Улыбка, преисполненная ехидства, перекосила рот герцогини; король заметил это и истолковал по-своему.

— И что же? — спросил он повелительным тоном.

— Государь, герцог де Асторга находится в застенках инквизиции; нам с вами надо вызволить его, и если вы король, то пусть вернут его вам.

Карл II лишь махнул рукой, что не предвещало ничего хорошего.

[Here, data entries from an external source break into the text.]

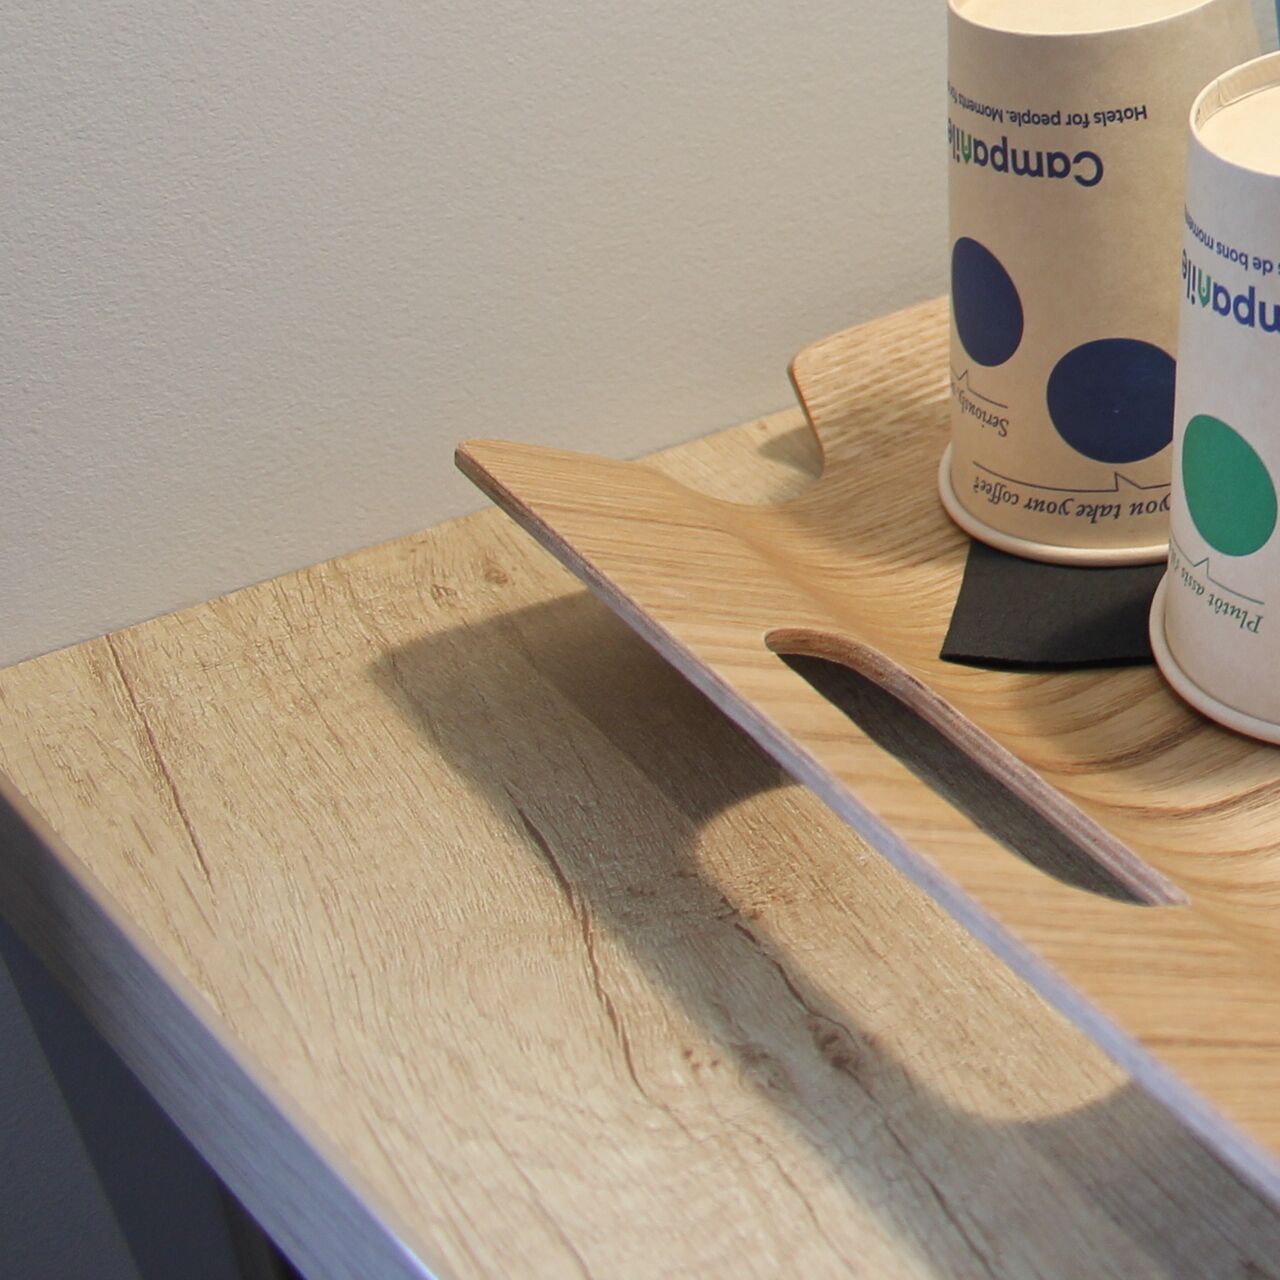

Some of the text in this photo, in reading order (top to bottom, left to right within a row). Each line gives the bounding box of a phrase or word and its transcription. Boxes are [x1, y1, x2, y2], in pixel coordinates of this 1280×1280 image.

[958, 93, 1003, 124] Moments
[1006, 110, 1061, 128] people.
[1065, 110, 1091, 129] for
[1094, 104, 1148, 128] Hotels
[1216, 241, 1249, 271] bons
[1252, 256, 1274, 276] de
[973, 476, 1171, 524] you take your coffee?
[1181, 567, 1264, 634] Plutôt assis
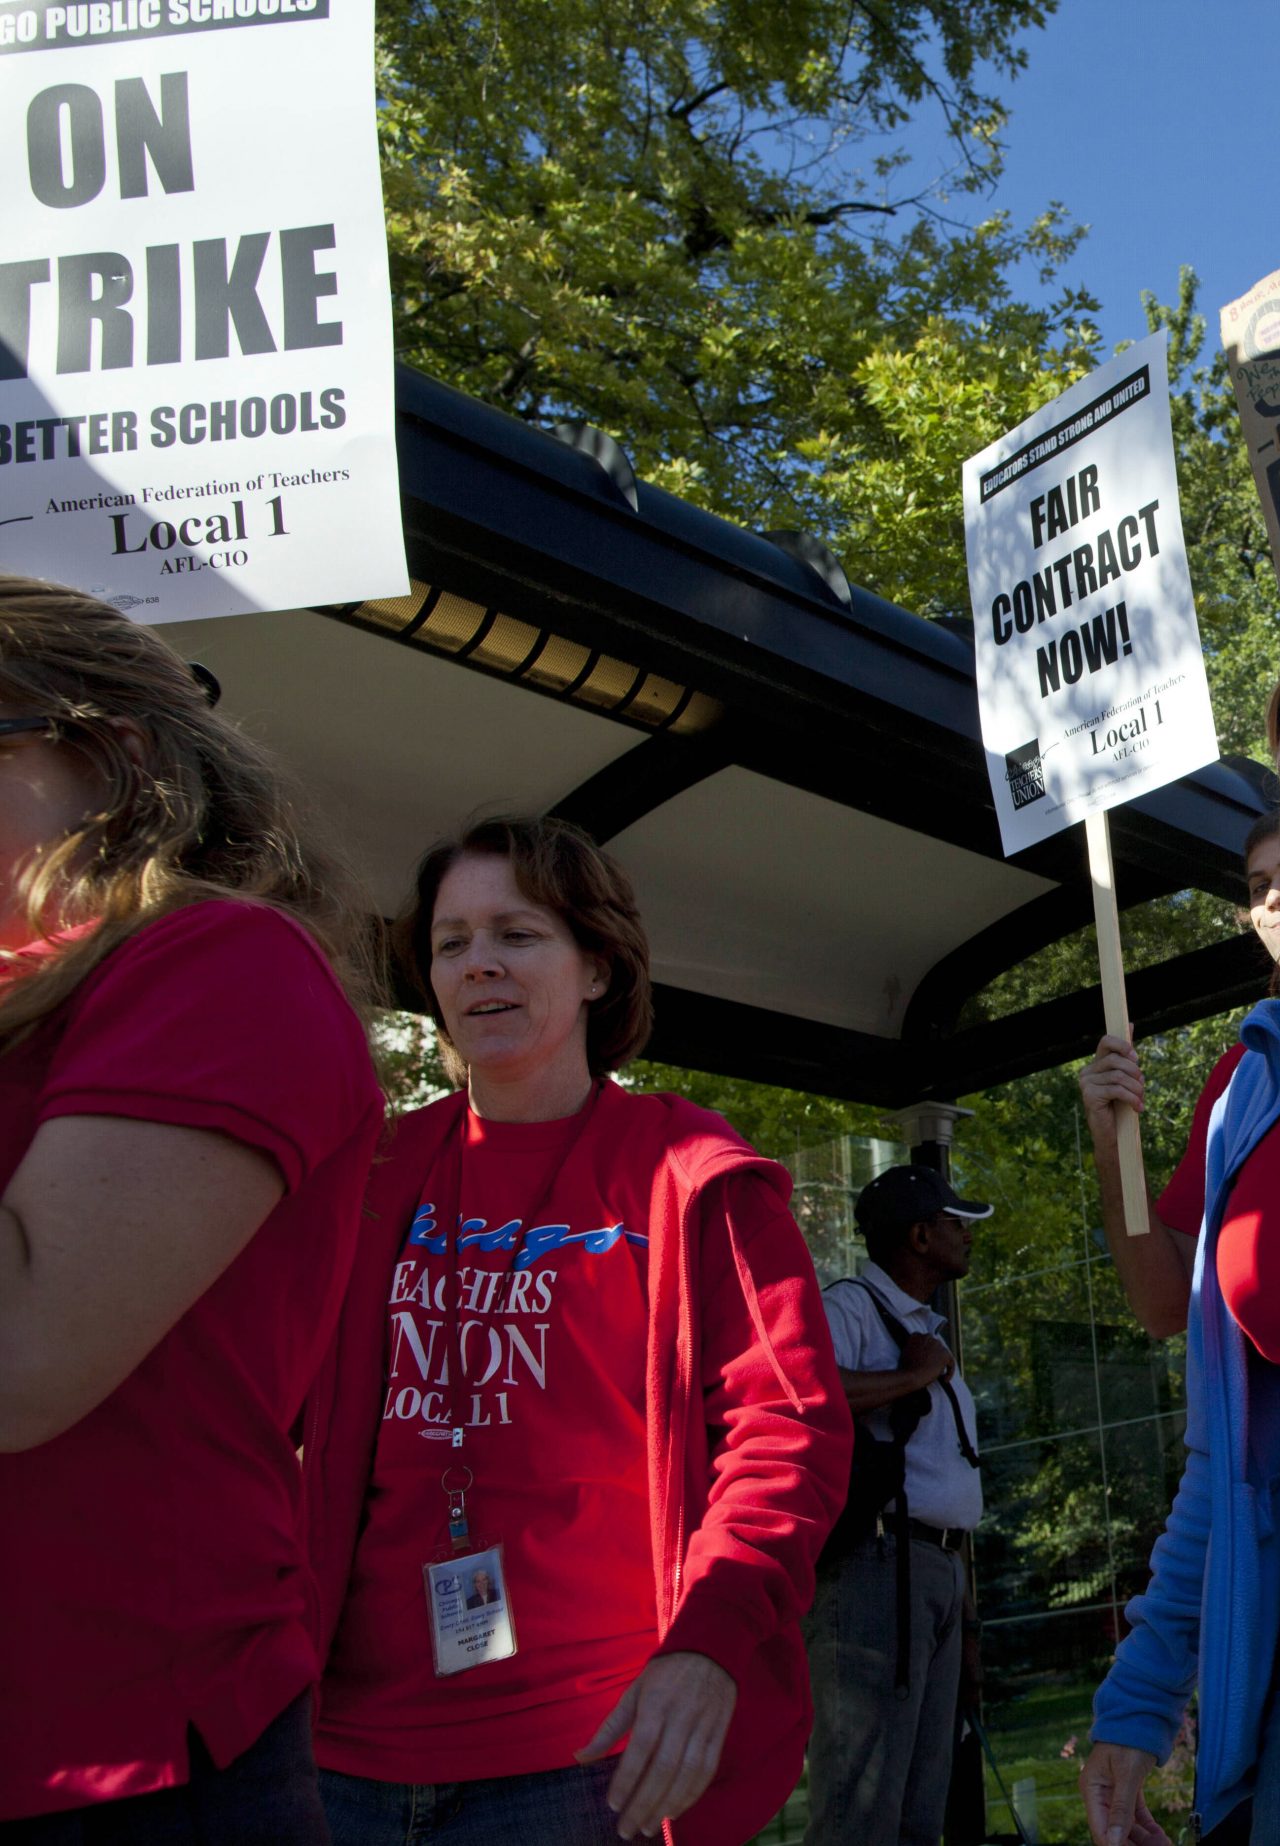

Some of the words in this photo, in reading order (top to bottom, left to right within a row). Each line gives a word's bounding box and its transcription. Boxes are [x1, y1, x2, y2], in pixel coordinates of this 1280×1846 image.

[46, 0, 161, 39] PUBLIC
[26, 70, 195, 209] ON
[0, 223, 343, 381] TRIKE
[150, 388, 347, 448] SCHOOLS
[983, 454, 1028, 496] EDUCATORS
[1029, 435, 1057, 464] STAND
[1058, 415, 1093, 446] STRONG
[1094, 400, 1112, 423] AND
[1113, 376, 1145, 409] UNITED
[45, 491, 136, 514] American
[141, 478, 240, 503] Federation
[246, 473, 264, 492] of
[268, 467, 351, 489] Teachers
[1030, 463, 1101, 550] FAIR
[108, 500, 249, 556] Local
[265, 495, 291, 538] 1
[160, 549, 249, 575] AFL-CIO
[991, 499, 1160, 646] CONTRACT
[1036, 601, 1133, 699] NOW!
[1063, 716, 1100, 739] American
[1101, 695, 1142, 722] Federation
[1143, 689, 1152, 702] of
[1152, 673, 1187, 696] Teachers
[1090, 707, 1147, 756] Local
[1155, 700, 1163, 726] 1
[1009, 766, 1043, 792] TEACHERS
[1112, 738, 1150, 764] AFL-CIO
[1012, 778, 1045, 806] UNION
[389, 1260, 557, 1314] EACHERS
[391, 1311, 550, 1390] NON
[383, 1387, 490, 1426] LOCL
[496, 1391, 512, 1424] 1

— Мой главный мажордом был арестован и отправлен в тюрьму инквизиции; его будут судить, ему, возможно, вынесут приговор из-за одного незначащего слова, сказанного в моих покоях. Это слово, повторяю, было произнесено в моих покоях в ответ на мою жалобу, в присутствии лишь ближайших слуг и приставленных ко мне придворных дам, и в тот же день о нем стало известно инквизиции. С этого времени я больше не чувствую себя в безопасности: донос, клевета могут коснуться и меня, а этого я не потерплю. Госпожа де Терранова — единственное лицо, которое я могу обвинить, и я ее обвиняю; в то время в моей комнате находились лишь две или три юные девушки, в которых я уверена: они не предали бы меня, тогда как ненависть главной камеристки к моему народу, ко всему, что я люблю, мне хорошо известна; именно герцогиня обесчестила мой дом своей низостью, поэтому я изгоняю ее с позволения вашего величества.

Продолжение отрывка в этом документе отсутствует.